第52話

 ゲラリオはただちに動いた。


 クルルが魔法使いドラステルだということまで知っていて、すぐに変装してイーリアと共に獣人の護衛をつけて教会に行け、と指示を出す。

 なぜワレらまで教会に、とドドルが噛みついたが、お前らが人間の敵じゃないと示さないと、竜と一緒に殺されるぞとゲラリオに言われていた。

 ついでに、お前らじゃないと暴徒からイーリアたちを守れないし、このお嬢ちゃんを失うとこの領地はろくでもないことになって全員の損だ、と言われたら、ドドルも怒りを噛み殺し、受け入れるほかなかったようだ。


 そしてイーリアのほうは、教会の司祭と協力し、この事態に立ち向かうと宣言することで人々を落ち着かせろ、と命じられていた。自暴自棄に陥った群衆はなにをするかわからないから、お前がすがられる藁になれと。

 イーリアは場慣れしたゲラリオからの指示に一言一句うなずく一方、クルルのほうはドドルと同じくらい、ゲラリオの指示に不満そうな感じだった。

 けれど今しばらくイーリアと一緒にいられることに、異論はないらしい。


 そして彼女たちが準備する傍ら、町で噂のタカハシ工房からありったけの魔石を持ってこい、とゲラリオは自分に命令した。


 一通りの指示を出し終わると、ゲラリオは健吾より筋骨隆々の男バランとともに、クルルたちが倉庫から引っ張り出してきた過去の魔物の記録をすごい勢いでめくり始めていた。


 彼らの素性はわからないし、実力だってわからない。ハッタリだけの詐欺師なのかもしれない。

 けれど本物の詐欺師のマークスはゲラリオたちに噛みつかなかったし、ドドルはゲラリオにはともかく、傷だらけの獣人ツァツァルには丁寧に接していた。


 彼らがただ者でないことだけは確かのようだ。


 自分は健吾と一緒に工房に戻り、動揺する親方たちに、これから討伐に出ますと伝えて安心させてから、魔石をありったけかき集めてイーリアの屋敷に戻る。合成魔石をもっていかなかったのは、ゲラリオが信用できるかどうかが未知数だったから。


 ちょうど屋敷から出た時に、ドドルとマークスの部下たちに守られた、クルルとイーリアとすれ違った。

 イーリアは泣きはらして真っ赤になった目元をおしろいで隠し、変装したクルルはフードを目深にかぶっている。ただ、すれ違いざまにクルルはこちらを見て、これは夢なのか? みたいな無言の問いを向けてきていた。

 自分も首を傾げてみせると、なんだか泣き出しそうに見える笑顔を見せ、怯える群衆に向かって歩いていった。


「鱗の色は赤だって言ってたな?」


 魔石の詰まった箱をイーリアの屋敷に運び込むと、ゲラリオは一言目にそう言った。


「腹の色はおそらく黄色だったかと」


 健吾がいつもとは違う口調で答える。


「ふん……魔石の質は悪くない。
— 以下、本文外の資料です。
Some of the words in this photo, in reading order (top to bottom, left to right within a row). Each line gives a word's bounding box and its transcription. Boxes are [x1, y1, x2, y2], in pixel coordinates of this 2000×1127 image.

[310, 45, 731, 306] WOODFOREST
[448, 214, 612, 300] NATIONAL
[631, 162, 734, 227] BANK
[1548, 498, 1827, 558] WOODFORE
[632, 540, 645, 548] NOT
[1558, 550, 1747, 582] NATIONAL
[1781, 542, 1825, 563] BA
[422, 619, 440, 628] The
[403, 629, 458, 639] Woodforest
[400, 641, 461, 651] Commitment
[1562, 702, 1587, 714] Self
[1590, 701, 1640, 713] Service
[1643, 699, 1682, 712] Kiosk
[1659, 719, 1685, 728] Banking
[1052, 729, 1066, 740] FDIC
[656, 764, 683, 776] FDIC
ついでにお前ら、運がいいな。鱗が赤でも、腹が黄色なら炎竜じゃない。炎竜だったら、この辺が全部ゴミになってたところだ」


 ゲラリオは、炎の魔法陣が刻まれた魔石の詰まる箱をつま先で軽く蹴ってみせた。


「幼齢の竜だろう。鱗がまだ柔らかくて、寝ているところに蝋燭で照らすと赤く見えるんだが、目を覚まして日の光に当たると黒くなる。まあ、それなら炎で十分だ……おい、風魔法はないのか?」


 風の魔法陣は紋様が難しく、工房で量産化ができていなかった。独特の曲線部分があり、どの親方も不得意だったのだ。

 クルルが穴を掘るために使ったのも、商会にあった既存の風魔法の魔石から形をとったものだった。
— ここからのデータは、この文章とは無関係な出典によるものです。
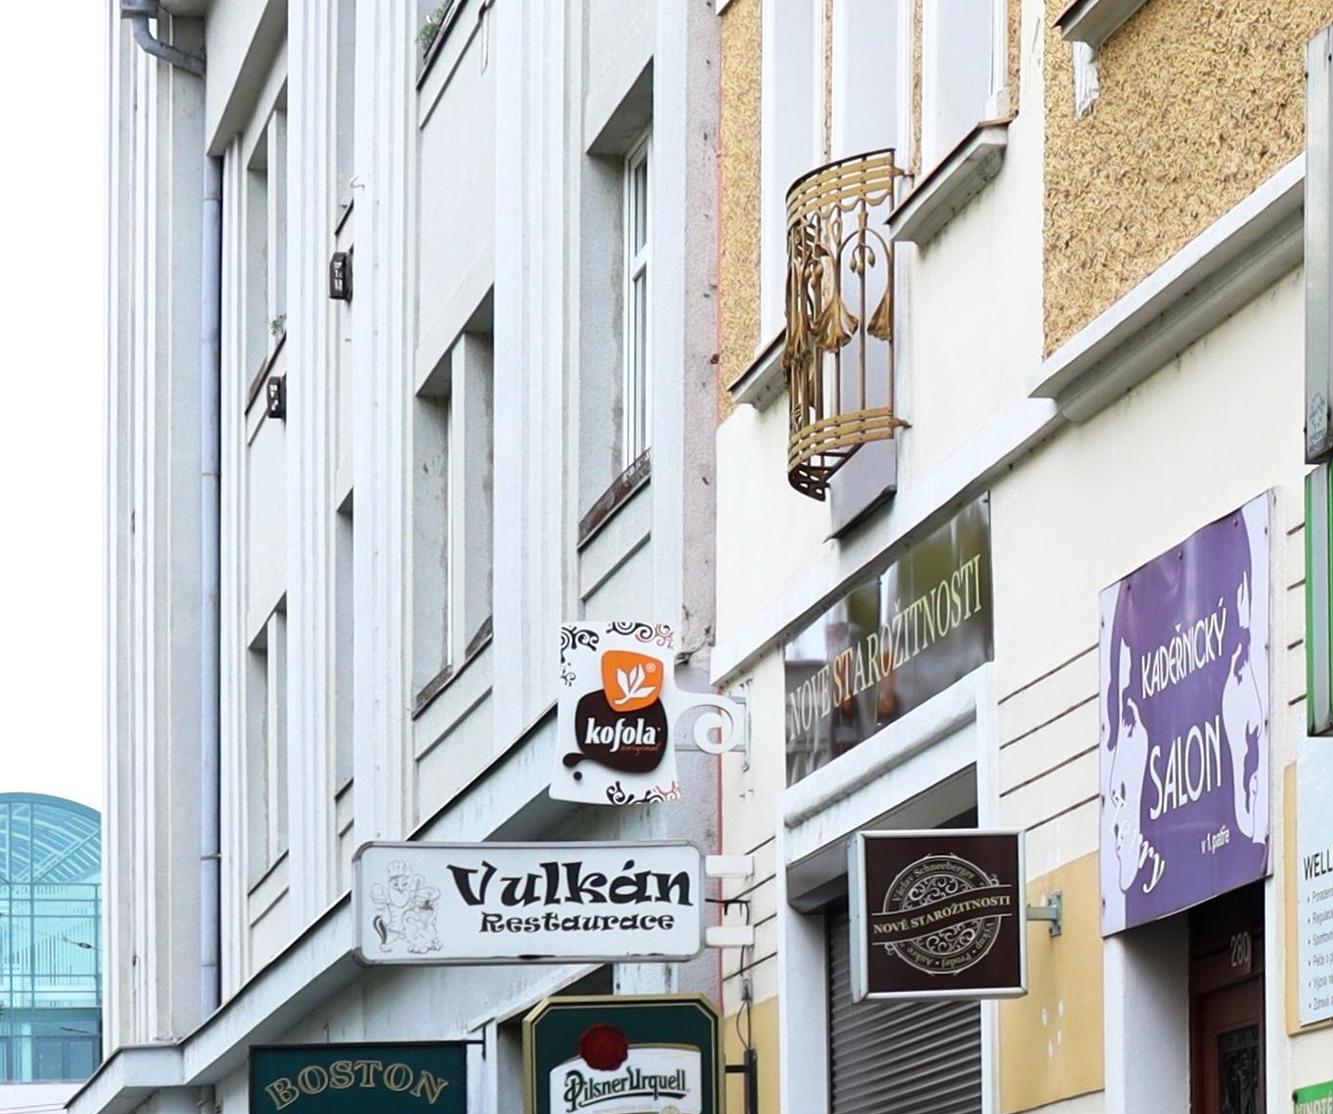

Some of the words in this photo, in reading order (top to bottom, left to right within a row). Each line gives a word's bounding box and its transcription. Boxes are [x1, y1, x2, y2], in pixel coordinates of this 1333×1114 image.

[832, 555, 983, 708] STAROŽITNOSTI
[1140, 596, 1229, 700] KADEŘNICKÝ
[584, 717, 657, 752] kofola
[1149, 714, 1224, 821] SALON
[446, 858, 695, 908] Vulkán
[479, 911, 675, 934] Restaurace
[873, 916, 910, 935] NOVÉ
[910, 895, 1011, 927] STAROŽITNOSTI
[1230, 930, 1251, 968] 280
[265, 1060, 449, 1111] BOSTON
[563, 1069, 629, 1113] Pilsner
[626, 1066, 687, 1101] Urquell
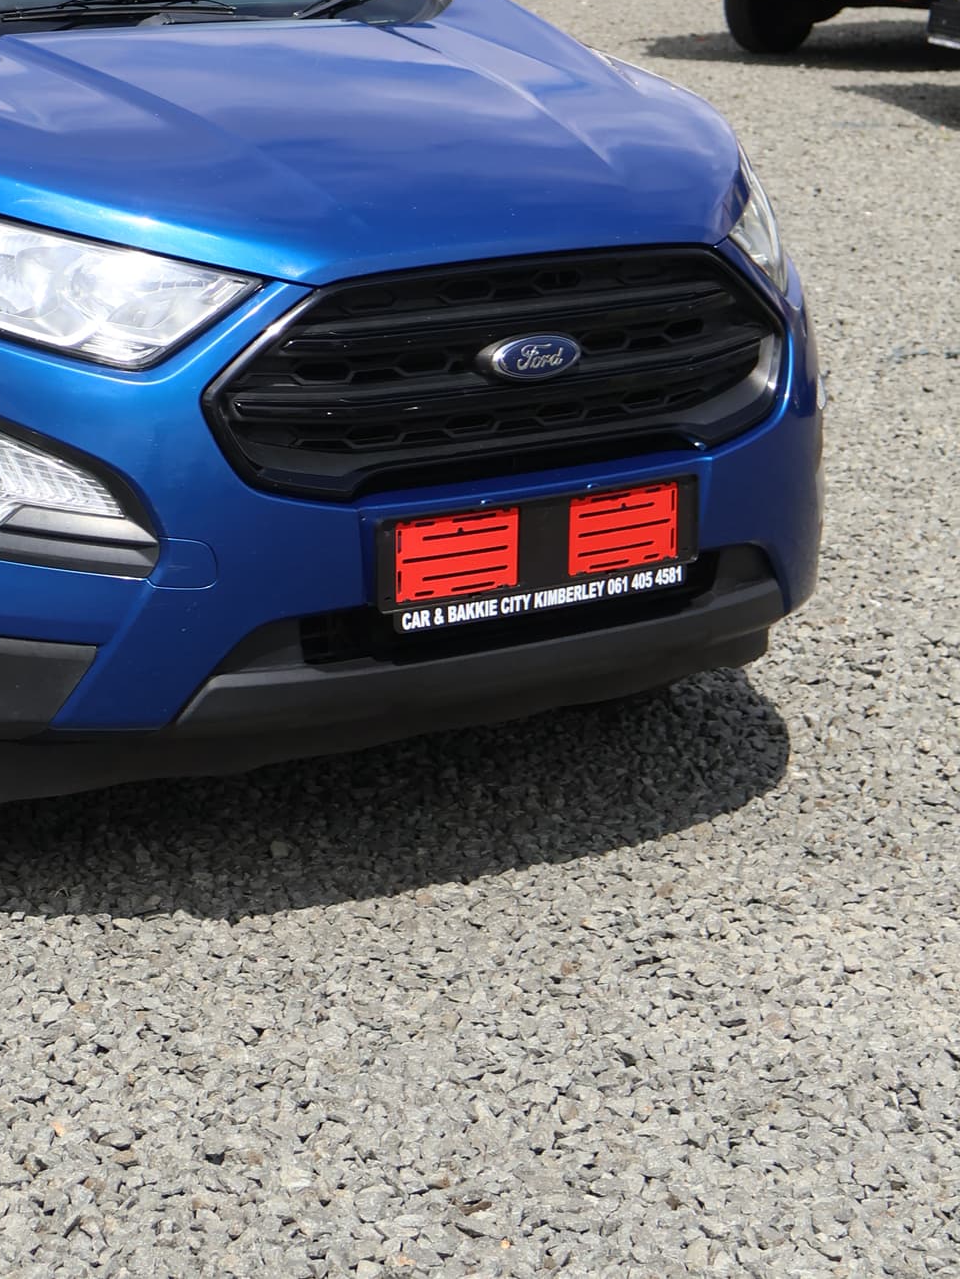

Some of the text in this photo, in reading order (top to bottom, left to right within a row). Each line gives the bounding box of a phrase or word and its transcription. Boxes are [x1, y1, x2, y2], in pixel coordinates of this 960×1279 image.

[517, 343, 564, 371] Ford
[401, 564, 683, 631] CAR & BAKKIE CITY KIMBERLEY 061 405 4581
「ないならすぐ作らせろ。大型の魔物退治には強い風魔法が必須だ。お前らの工房は一日で魔石を山ほど作ると聞いてるぞ」


 得意な魔石なら確かにそうだが、腕の悪い親方たちばかりを集めた弊害だ。

 合成魔石をだすしかないだろうか? すべてを失うくらいなら、その秘密を漏らしてしまうほうがましだろうか。

 しかしそれにしたって、ゲラリオたちの必要とする強さの風魔法が刻まれた見本の魔石がないと、プリントができない。
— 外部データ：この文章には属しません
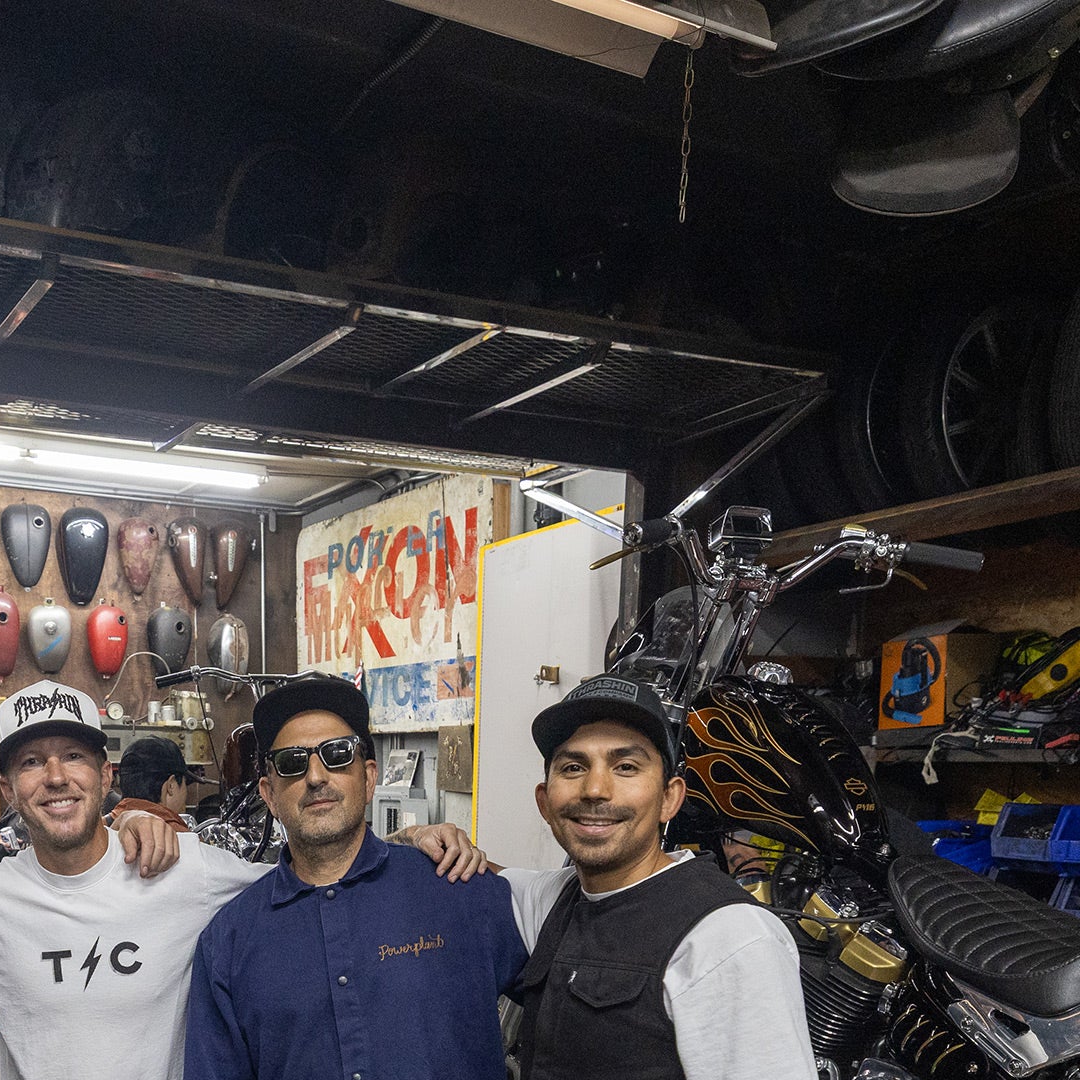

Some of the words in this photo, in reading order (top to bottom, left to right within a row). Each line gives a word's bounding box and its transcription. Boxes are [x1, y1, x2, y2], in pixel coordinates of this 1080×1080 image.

[341, 664, 433, 710] VICE
[572, 680, 636, 700] THRASHIN
[378, 933, 445, 962] Powerplant
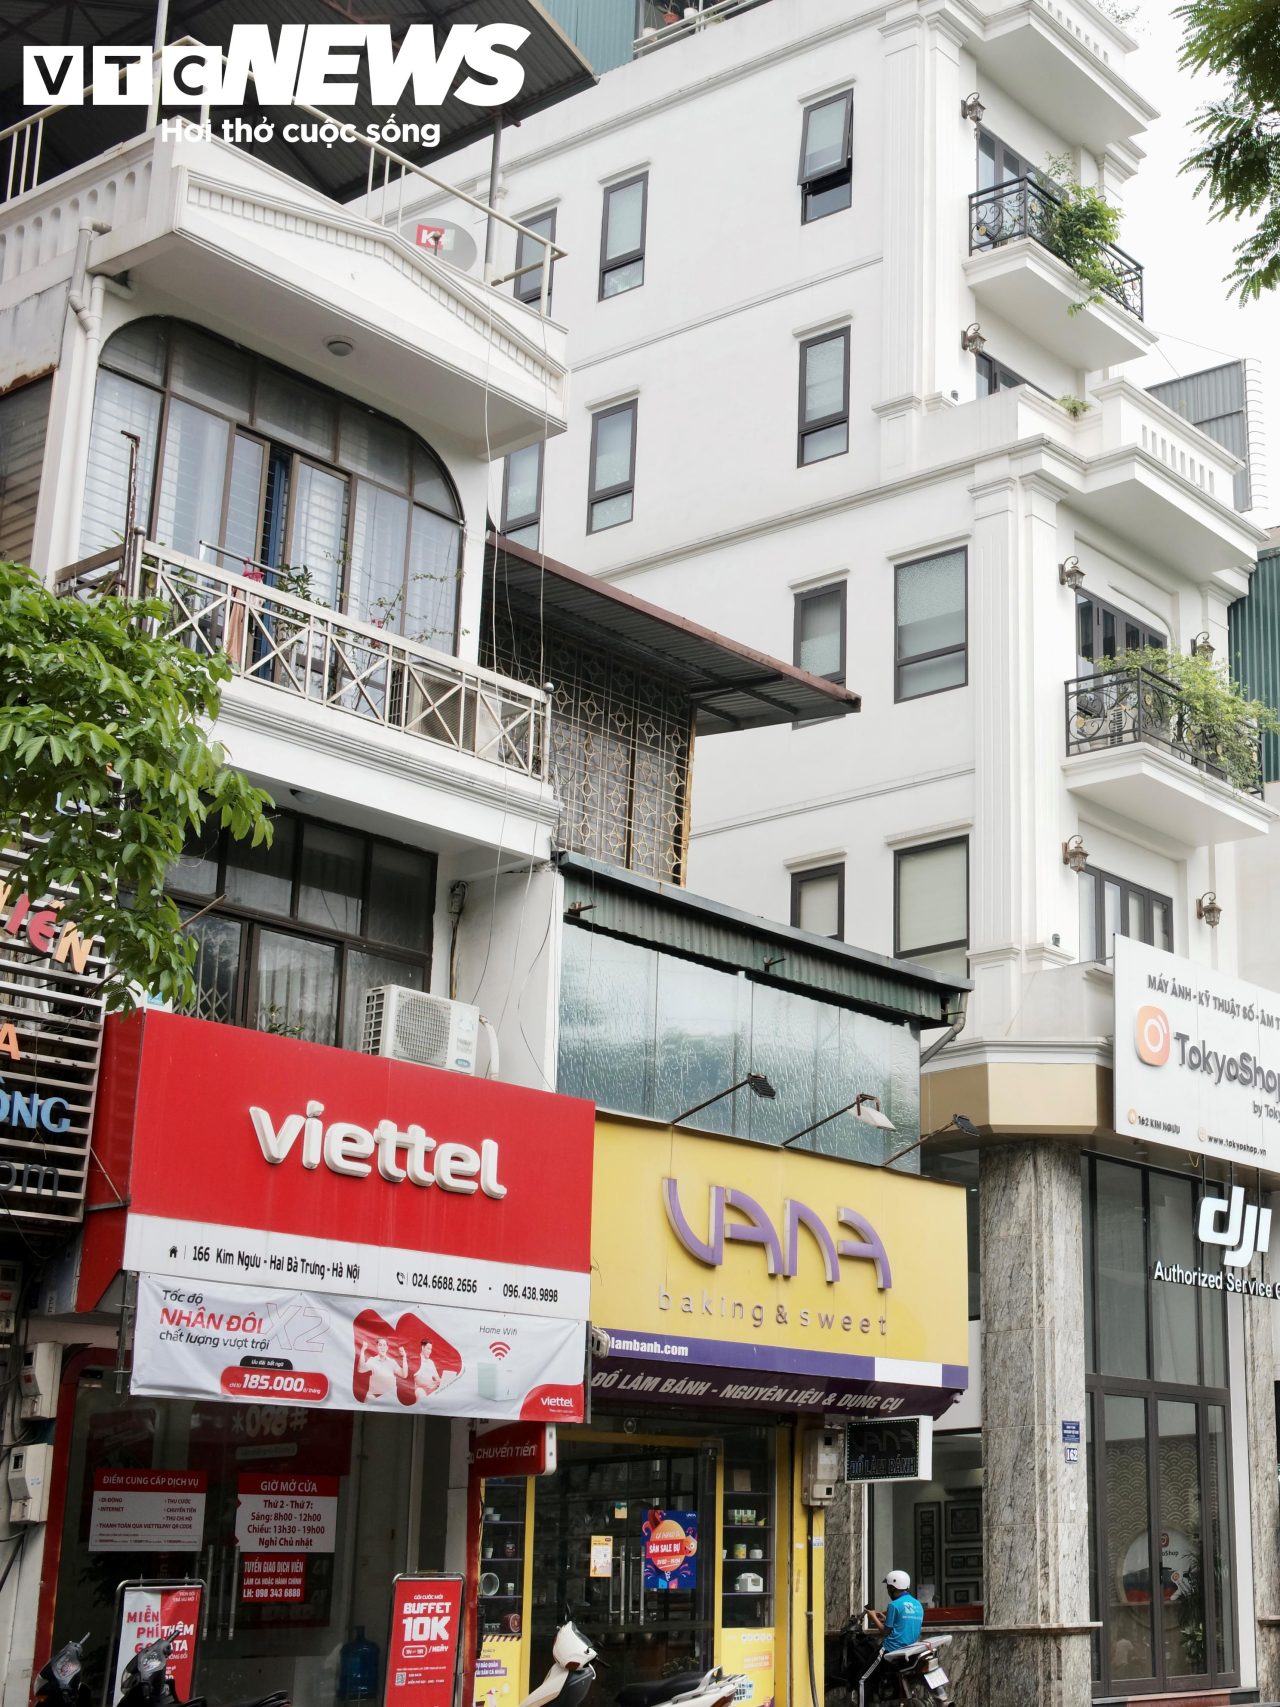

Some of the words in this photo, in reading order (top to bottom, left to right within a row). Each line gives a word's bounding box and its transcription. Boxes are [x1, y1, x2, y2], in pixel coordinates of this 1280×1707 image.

[1148, 973, 1168, 993] MÁY
[1171, 978, 1192, 1001] ẢNH
[1199, 990, 1210, 1006] KỸ
[1213, 997, 1240, 1021] THUẬT
[1243, 1003, 1255, 1021] SỐ
[1260, 1009, 1274, 1028] ÂM
[1253, 1101, 1262, 1116] by
[249, 1100, 510, 1200] viettel
[1208, 1134, 1266, 1156] www.tokyoshop.vn
[193, 1246, 210, 1261] 166
[216, 1248, 234, 1265] Kim
[238, 1251, 261, 1271] Ngưu
[270, 1255, 284, 1271] Hai
[287, 1256, 298, 1272] Bà
[301, 1259, 325, 1280] Trưng
[332, 1262, 343, 1277] Hà
[347, 1264, 360, 1283] Nội
[1154, 1260, 1223, 1289] Authorized
[1227, 1273, 1273, 1298] Service
[163, 1289, 185, 1303] Tốc
[187, 1293, 203, 1306] độ
[503, 1284, 558, 1302] 096.438.9898
[658, 1285, 763, 1327] baking
[775, 1304, 788, 1325] &
[800, 1308, 887, 1336] sweet
[160, 1307, 224, 1331] NHÂN
[226, 1312, 263, 1334] ĐÔI
[266, 1303, 330, 1352] X2
[160, 1328, 183, 1342] chất
[186, 1333, 219, 1348] lượng
[223, 1337, 248, 1350] vượt
[251, 1338, 270, 1351] trội
[480, 1326, 500, 1335] Home
[502, 1327, 517, 1336] Wifi
[243, 1374, 304, 1392] 185.000
[618, 1372, 657, 1391] LÀM
[659, 1374, 710, 1396] BÁNH
[719, 1381, 786, 1402] NGUYÊN
[788, 1385, 824, 1407] LIỆU
[822, 1392, 833, 1406] &
[836, 1392, 879, 1411] DỤNG
[879, 1396, 904, 1414] CỤ
[541, 1397, 573, 1408] viettel
[103, 1474, 123, 1484] ĐIỂM
[125, 1477, 149, 1485] CUNG
[150, 1476, 166, 1485] CẤP
[168, 1478, 187, 1487] DỊCH
[188, 1479, 199, 1488] VỤ
[260, 1480, 279, 1491] GIỜ
[280, 1480, 297, 1492] MỞ
[298, 1481, 317, 1493] CỬA
[263, 1499, 279, 1509] Thứ
[279, 1501, 284, 1509] 2
[290, 1500, 305, 1509] Thứ
[306, 1501, 313, 1510] 7:
[251, 1512, 272, 1524] Sáng:
[274, 1513, 292, 1521] 8h00
[299, 1513, 321, 1522] 12h00
[247, 1524, 272, 1534] Chiều:
[273, 1525, 296, 1534] 13h30
[302, 1526, 325, 1534] 19h00
[258, 1536, 278, 1548] Nghỉ
[279, 1537, 294, 1546] Chủ
[295, 1538, 313, 1549] nhật
[660, 1544, 672, 1552] SALE
[244, 1557, 262, 1573] TUYỂN
[263, 1562, 276, 1573] GIAO
[277, 1562, 290, 1575] DỊCH
[243, 1589, 254, 1598] LH:
[255, 1589, 269, 1598] 098
[270, 1589, 282, 1597] 343
[284, 1588, 301, 1597] 6888
[403, 1602, 451, 1614] BUFFET
[402, 1616, 451, 1641] 10K
 そう思ったのも束の間、もっと別の方法があると気がついた。


「少し待っててください」


 再度工房に向かうのだが、イーリアの屋敷から広場に出たところで、通りの向こうから歓声とも怒号ともとれる声が聞こえてきた。ほどなく教会の鐘が鳴らされたので、イーリアがかすれた喉で人々に希望を訴えているのだろう。


 皆が己の役目を担っている。

 自分もそれを果たさなければならない。


「親方の皆さん!」


 工房に駆けこむと、相変わらず不安そうに中庭に集まっていた親方たちが、首を伸ばしてこちらを見やる。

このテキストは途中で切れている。